= Claire Brosseau =

Canadian actress and comedian (born 1977)

Claire Brosseau (born February 24, 1977) is Canadian actress, writer and stand-up comedian. She has appeared in Just For Laughs and the Winnipeg Comedy Festival. She had parts in the films A Previous Engagement and Who is KK Downey? and a recurring role in the television series The Business. In 2025, she found herself at the centre of an ongoing national debate in Canada regarding assisted dying for applicants suffering from mental illness.

== Early life and education ==
Brosseau was born on February 24, 1977 in Montreal.

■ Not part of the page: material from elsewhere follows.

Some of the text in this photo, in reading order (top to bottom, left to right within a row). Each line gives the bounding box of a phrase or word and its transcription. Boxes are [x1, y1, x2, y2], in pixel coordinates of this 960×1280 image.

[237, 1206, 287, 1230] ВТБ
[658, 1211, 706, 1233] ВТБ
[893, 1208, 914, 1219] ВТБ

Her mother is Mary Louise Kinahan. Claire grew up in Toronto and Montreal. She trained at the Neighborhood Playhouse School of the Theatre.

== Career ==

Claire Broseeau was a contributor on CBC's Day 6. She performed stand-up comedy at The Great Canadian Laugh-Off, Just For Laughs, LA, Bridgetown, Seattle, Sudbury, Winnipeg, and Ventura comedy festivals, Comedy Central and The Comedy Channel. After graduating from The Neighborhood Playhouse School of the Theatre in New York City in 1999, Brosseau worked as a singer at Don't Tell Mama in Times Square. She appears in A Previous Engagement (2005), If I Were You (2012), starring Marcia Gay Harden, and Girl's Best Friend (2008) starring Janeane Garofalo.

In May 2010, Brosseau embarked on a year long break from dating. Her blog, The Manbbatical, was published on Toronto's NOW! magazine website.

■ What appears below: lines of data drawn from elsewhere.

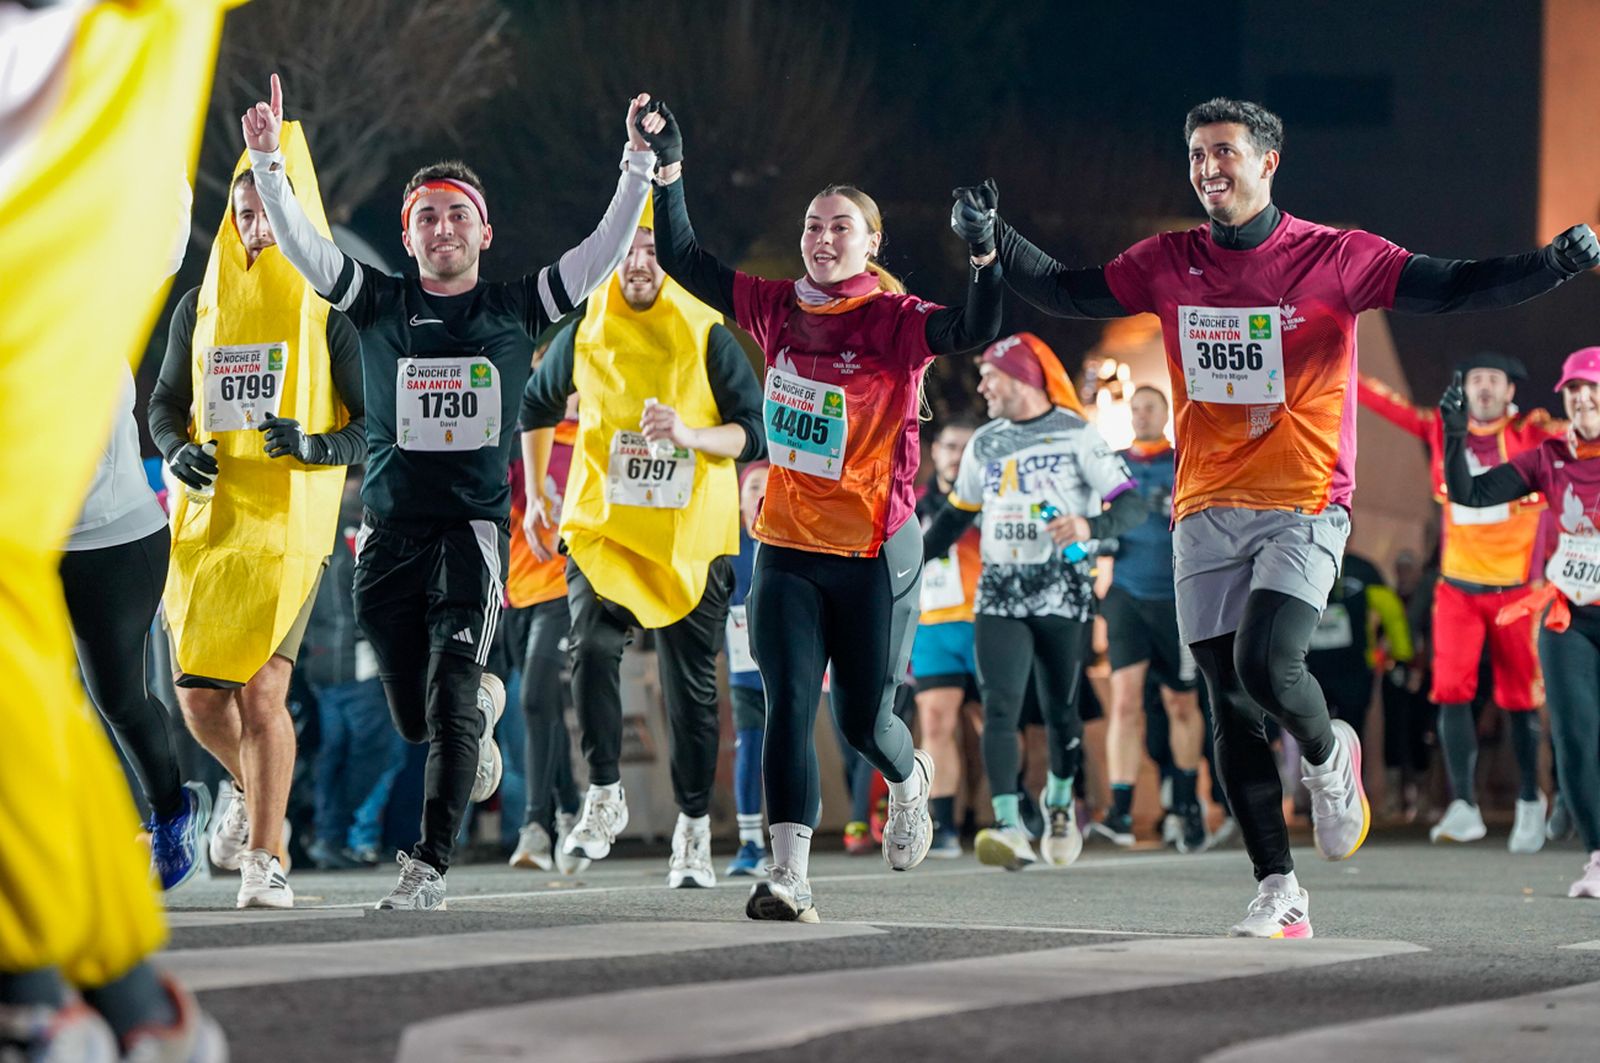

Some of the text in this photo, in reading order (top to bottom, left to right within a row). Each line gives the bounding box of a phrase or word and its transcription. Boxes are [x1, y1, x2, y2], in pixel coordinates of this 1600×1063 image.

[1199, 318, 1226, 328] NOCHE
[1228, 319, 1240, 328] DE
[1189, 329, 1207, 340] SAN
[1209, 328, 1241, 341] ANTÓN
[223, 354, 249, 363] NOCHE
[250, 353, 261, 362] DE
[1196, 341, 1263, 371] 3656
[213, 365, 231, 375] SAN
[232, 363, 261, 374] ANTÓN
[417, 368, 448, 378] NOCHE
[449, 368, 462, 378] DE
[221, 373, 276, 401] 6799
[406, 380, 427, 390] SAN
[428, 378, 463, 390] ANTÓN
[781, 383, 805, 398] NOCHE
[804, 390, 817, 401] DE
[418, 391, 478, 419] 1730
[771, 390, 787, 403] SAN
[786, 398, 815, 412] ANTÓN
[770, 406, 830, 445] 4405
[627, 457, 677, 482] 6797
[994, 522, 1038, 540] 6388
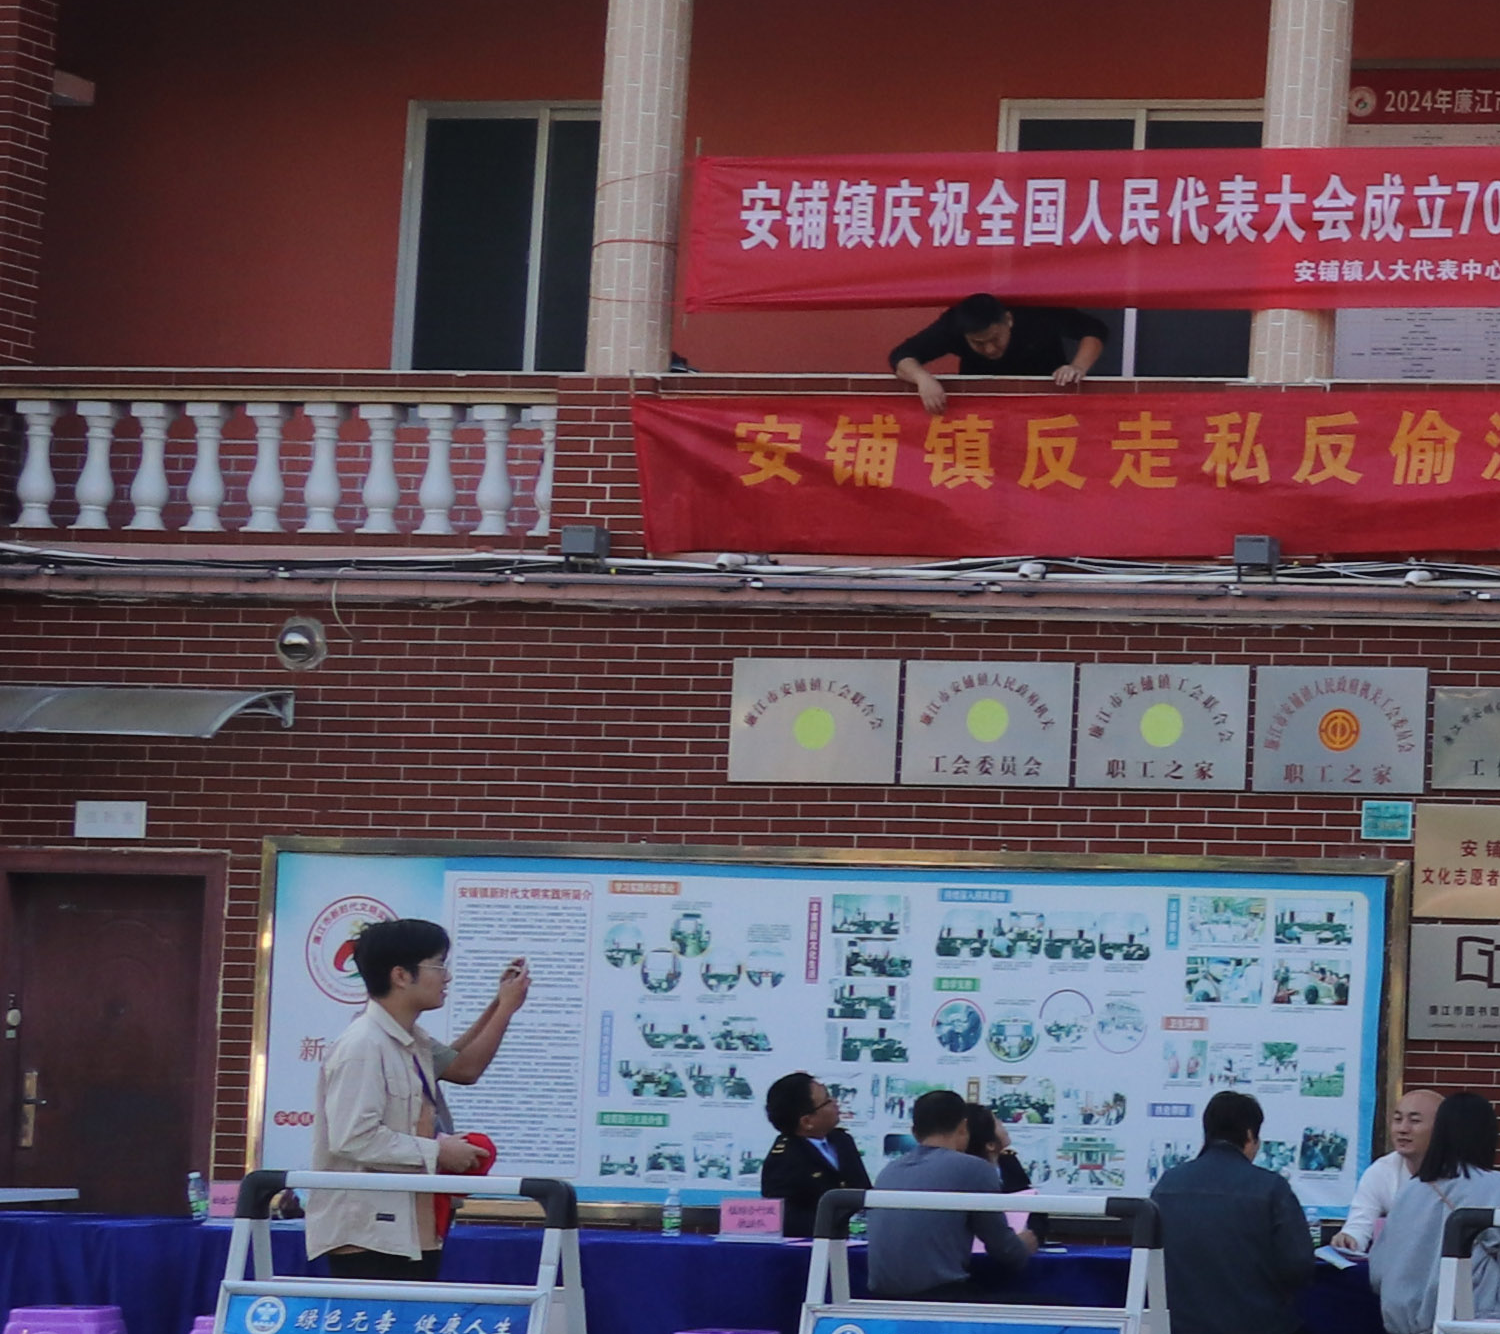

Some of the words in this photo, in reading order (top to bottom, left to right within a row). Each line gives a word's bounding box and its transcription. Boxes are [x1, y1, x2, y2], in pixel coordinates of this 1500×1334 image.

[929, 755, 1043, 778] 工会委员会
[1105, 759, 1215, 781] 职工之家
[1283, 763, 1393, 785] 职工之家
[295, 1309, 396, 1334] 绿色无毒

She was a guest speaker for resident doctors regarding trauma in the ER, health law, homelessness, crisis centres for women, and adoption seminars. Reporters and hosts regularly interview Claire about mental illness across all media platforms. When she could no longer perform because of memory loss, she sold her life story. Writer Tim McAuliffe based the television show Satisfaction on their friendship when they were roommates. In 2026, The Hill Times published her letter to Prime Minister Mark Carney.

Brosseau is also the author of A Clichéd Work Of Staggering Mediocrity on Substack.

== Health and assisted dying advocacy ==
Brosseau was diagnosed with bipolar disorder at fourteen. She’s public about living with substance use disorder, ADHD, PTSD and disordered eating.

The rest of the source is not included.